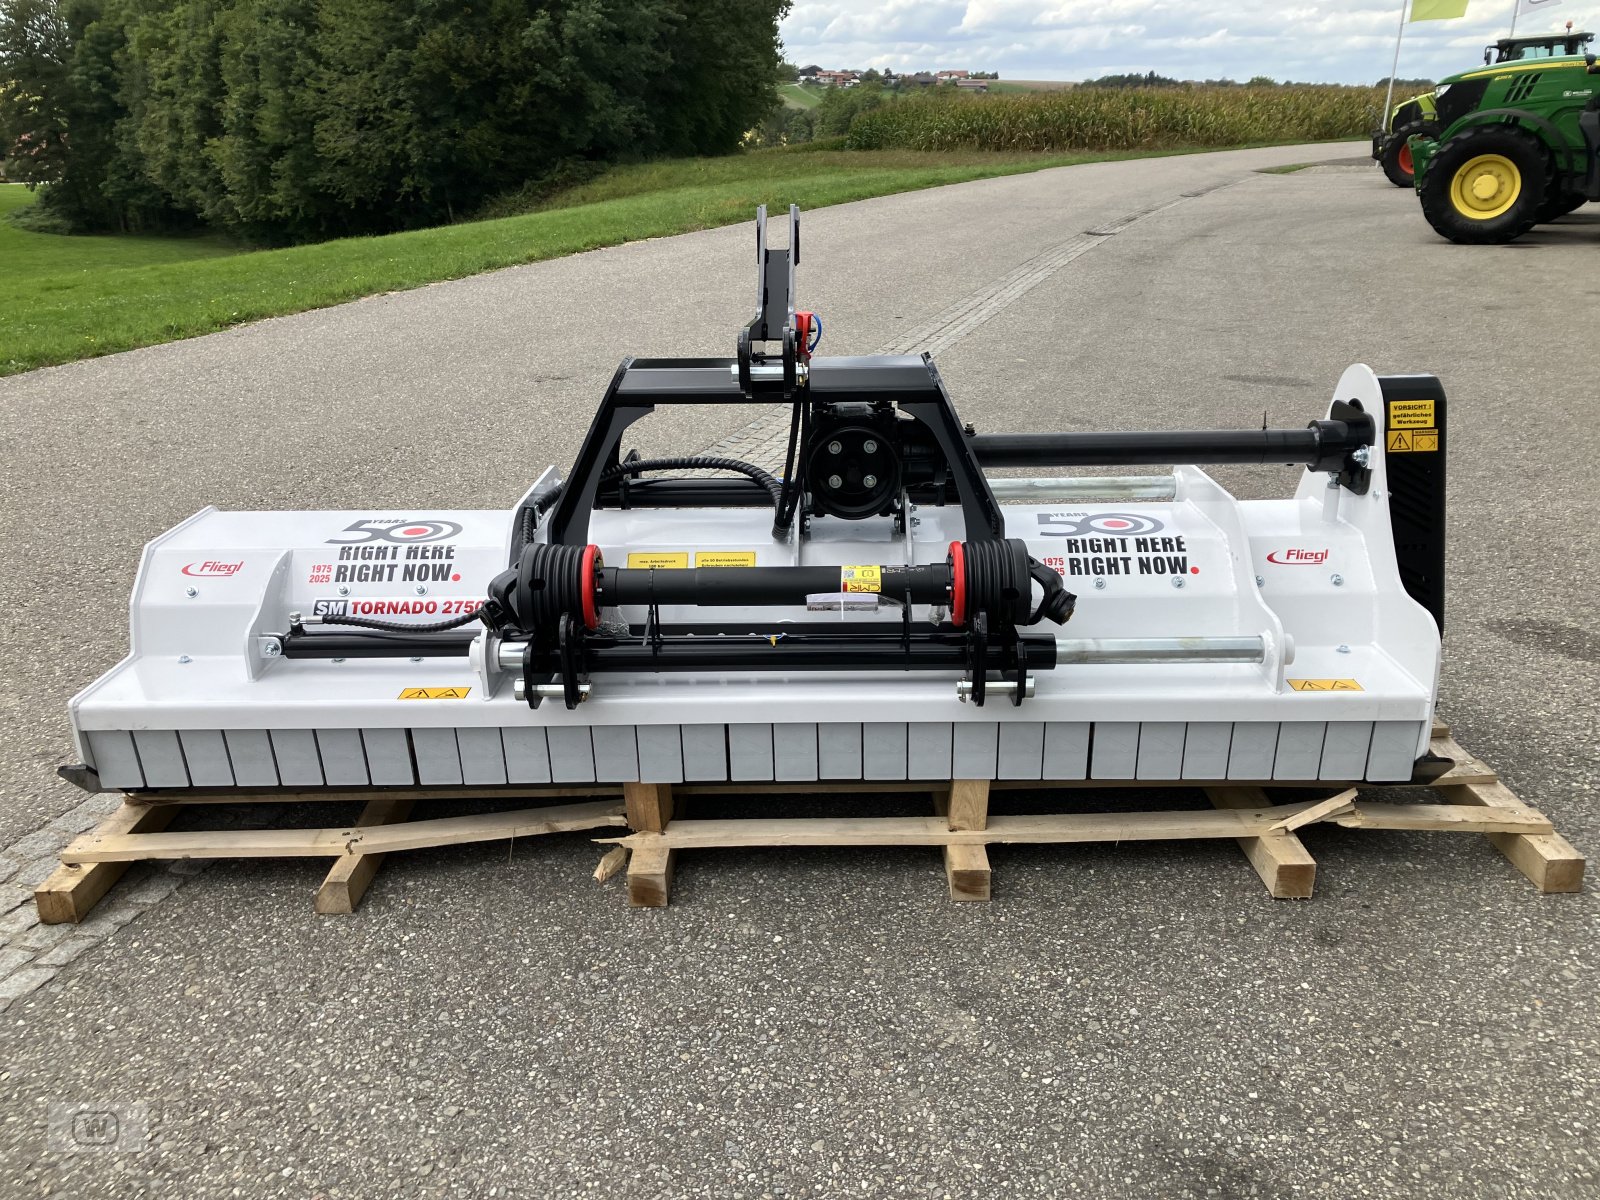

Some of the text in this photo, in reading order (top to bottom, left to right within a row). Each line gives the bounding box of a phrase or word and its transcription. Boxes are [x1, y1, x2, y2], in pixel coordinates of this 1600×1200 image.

[1066, 536, 1187, 553] RIGHT HERE
[338, 545, 456, 561] RIGHT HERE
[1285, 549, 1329, 563] Fliegl
[199, 561, 244, 575] Fliegl
[1042, 557, 1064, 566] 1975
[1068, 557, 1132, 576] RIGHT
[311, 565, 332, 573] 1975
[334, 564, 398, 582] RIGHT
[308, 575, 330, 583] 2025
[315, 601, 344, 615] SM
[352, 601, 438, 615] TORNADO
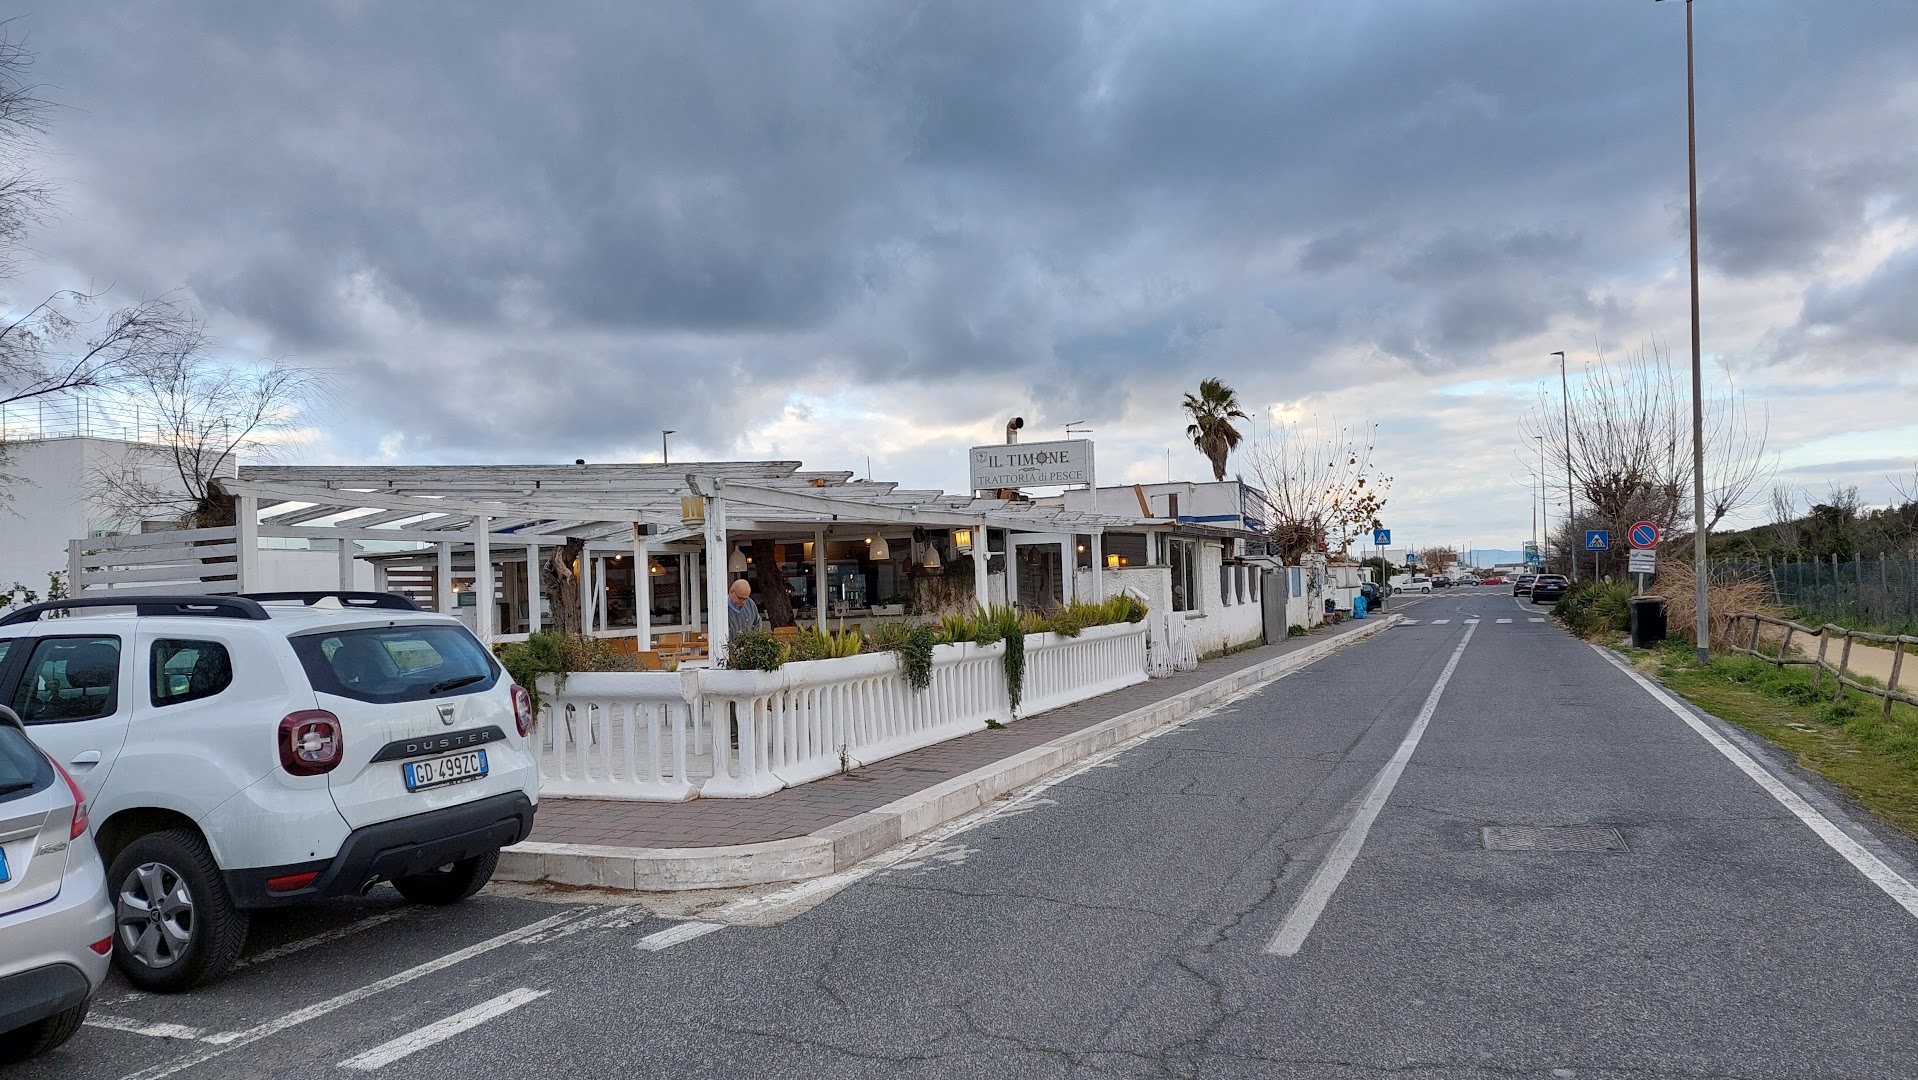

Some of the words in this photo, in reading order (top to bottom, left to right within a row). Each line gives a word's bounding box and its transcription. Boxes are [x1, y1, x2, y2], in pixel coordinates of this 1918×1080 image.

[988, 455, 1003, 468] IL
[1007, 450, 1069, 466] TIMONE
[978, 473, 1036, 485] TRATTORIA
[1038, 471, 1047, 481] di
[1050, 470, 1083, 481] PESCE
[406, 731, 490, 753] DUSTER
# # # #
■ Exercise ■
The material above is to be repeated word for word, with no images kept.

■ The completed task ■
Some of the text in this photo, in reading order (top to bottom, left to right within a row). Each line gives the bounding box of a phrase or word and its transcription. Boxes are [x1, y1, x2, y2], in pixel coordinates of this 1600×1200 image.

[1066, 536, 1187, 553] RIGHT HERE
[338, 545, 456, 561] RIGHT HERE
[1285, 549, 1329, 563] Fliegl
[199, 561, 244, 575] Fliegl
[1042, 557, 1064, 566] 1975
[1068, 557, 1132, 576] RIGHT
[311, 565, 332, 573] 1975
[334, 564, 398, 582] RIGHT
[308, 575, 330, 583] 2025
[315, 601, 344, 615] SM
[352, 601, 438, 615] TORNADO

Some of the words in this photo, in reading order (top to bottom, left to right within a row). Each line gives a word's bounding box and its transcription. Boxes are [x1, y1, x2, y2], in pixel coordinates of this 1918×1080 image.

[988, 455, 1003, 468] IL
[1007, 450, 1069, 466] TIMONE
[978, 473, 1036, 485] TRATTORIA
[1038, 471, 1047, 481] di
[1050, 470, 1083, 481] PESCE
[406, 731, 490, 753] DUSTER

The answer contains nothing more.